In activity detected by Redmond, DEV-1084 then abused compromised credentials with high privileges to perform local device encryption and large-scale wipe of cloud resources, including server pools, virtual machines, storage accounts, and virtual networks.

In addition, threat actors gain full access to e-mail inboxes through Exchange Web Services, use them to perform “thousands of search activities” and impersonate unnamed high-ranking employees to send messages to internal and external recipients.

The actions mentioned above are expected to occur over a period of approximately three hours starting at 12:38 PM (when the attacker logged into the Microsoft Azure environment via compromised credentials) and ending at 3:21 AM (when the attacker sent an email to the other party after successful cloud tampering ).

It should be noted here that DEV-1084 refers to the same threat actor That assumed persona “DarkBit” as part of a ransomware and extortion attack aimed at Technion, Israel’s leading research university, in February.
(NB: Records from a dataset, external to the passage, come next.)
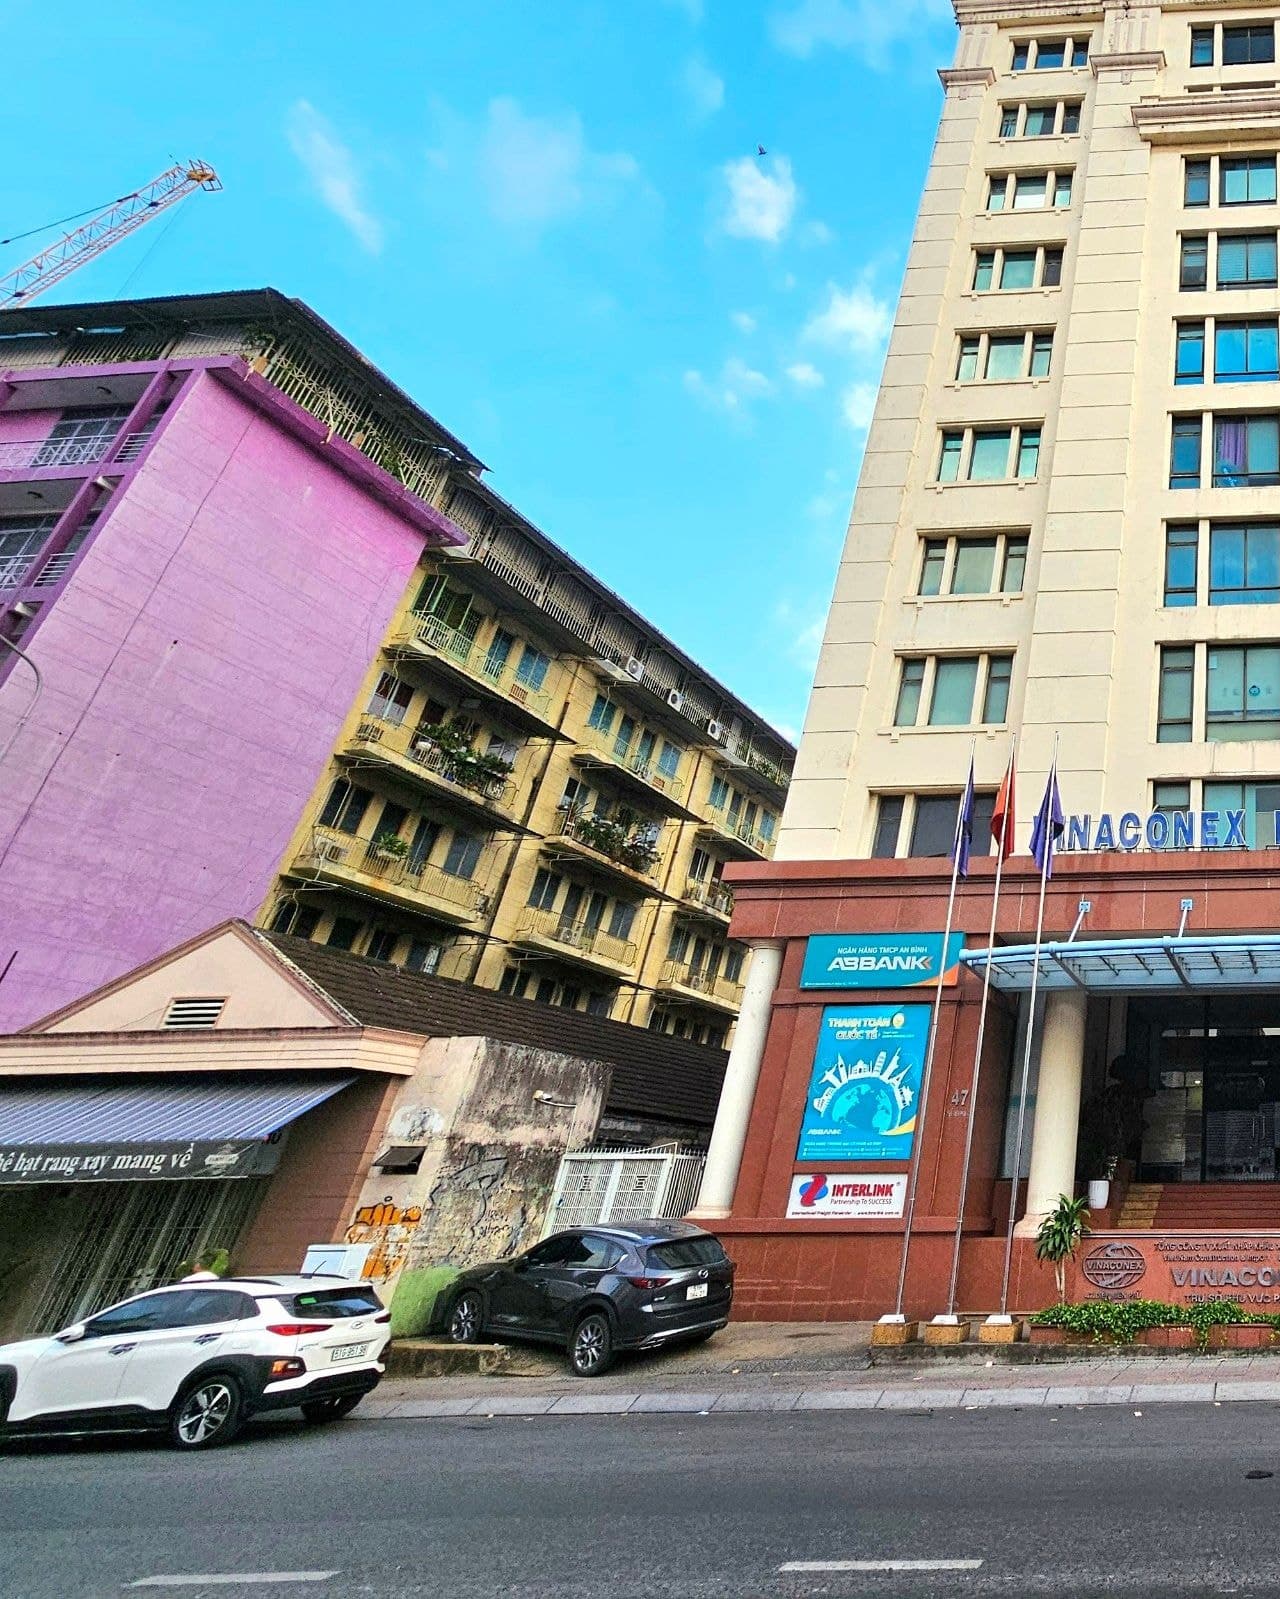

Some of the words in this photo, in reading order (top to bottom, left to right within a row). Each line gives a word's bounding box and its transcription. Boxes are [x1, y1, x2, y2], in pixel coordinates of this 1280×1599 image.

[1033, 808, 1247, 851] INACONEX
[837, 946, 857, 954] NGÂN
[858, 946, 878, 954] HÀNG
[911, 945, 928, 953] BÌNH
[827, 955, 931, 971] ABBANK
[951, 1089, 968, 1105] 47
[12, 1152, 43, 1177] hạt
[41, 1156, 80, 1176] rang
[79, 1155, 111, 1176] xay
[111, 1154, 167, 1174] mang
[170, 1142, 195, 1169] về
[831, 1183, 894, 1197] INTERLINK
[1086, 1261, 1143, 1271] VINACONEX
Israel’s National Cyber ​​Directorate, last month, associated attack on MuddyWater.

“DEV-1084 (…) presents itself as a criminal actor interested in blackmail, possibly as an attempt to cloud Iranian relations and the strategic motivation for the attack,” Microsoft added.

The link between Mercury and DEV-1084 stems from overlapping infrastructure, IP addresses, and tools, with the latter observed using a reverse tunneling utility called NeckMuddyWater’s main artifact.

Despite this, there is not enough evidence to determine whether DEV-1084 operated independently of MuddyWater and in collaboration with other Iranian actors, or whether it is a sub-team that is only called in when necessary to carry out destructive attacks.

Cisco Talos earlier this year described MuddyWater as a “conglomerate” made up of several smaller groups rather than one cohesive group. The appearance of DEV-1084 points in this direction.

“While these teams appear to be operating independently, they are all motivated by the same factors that are in line with Iran’s national security goals, including espionage, intellectual theft, and destructive or disruptive operations based on the victims they are targeting,” Talos said in March 2022.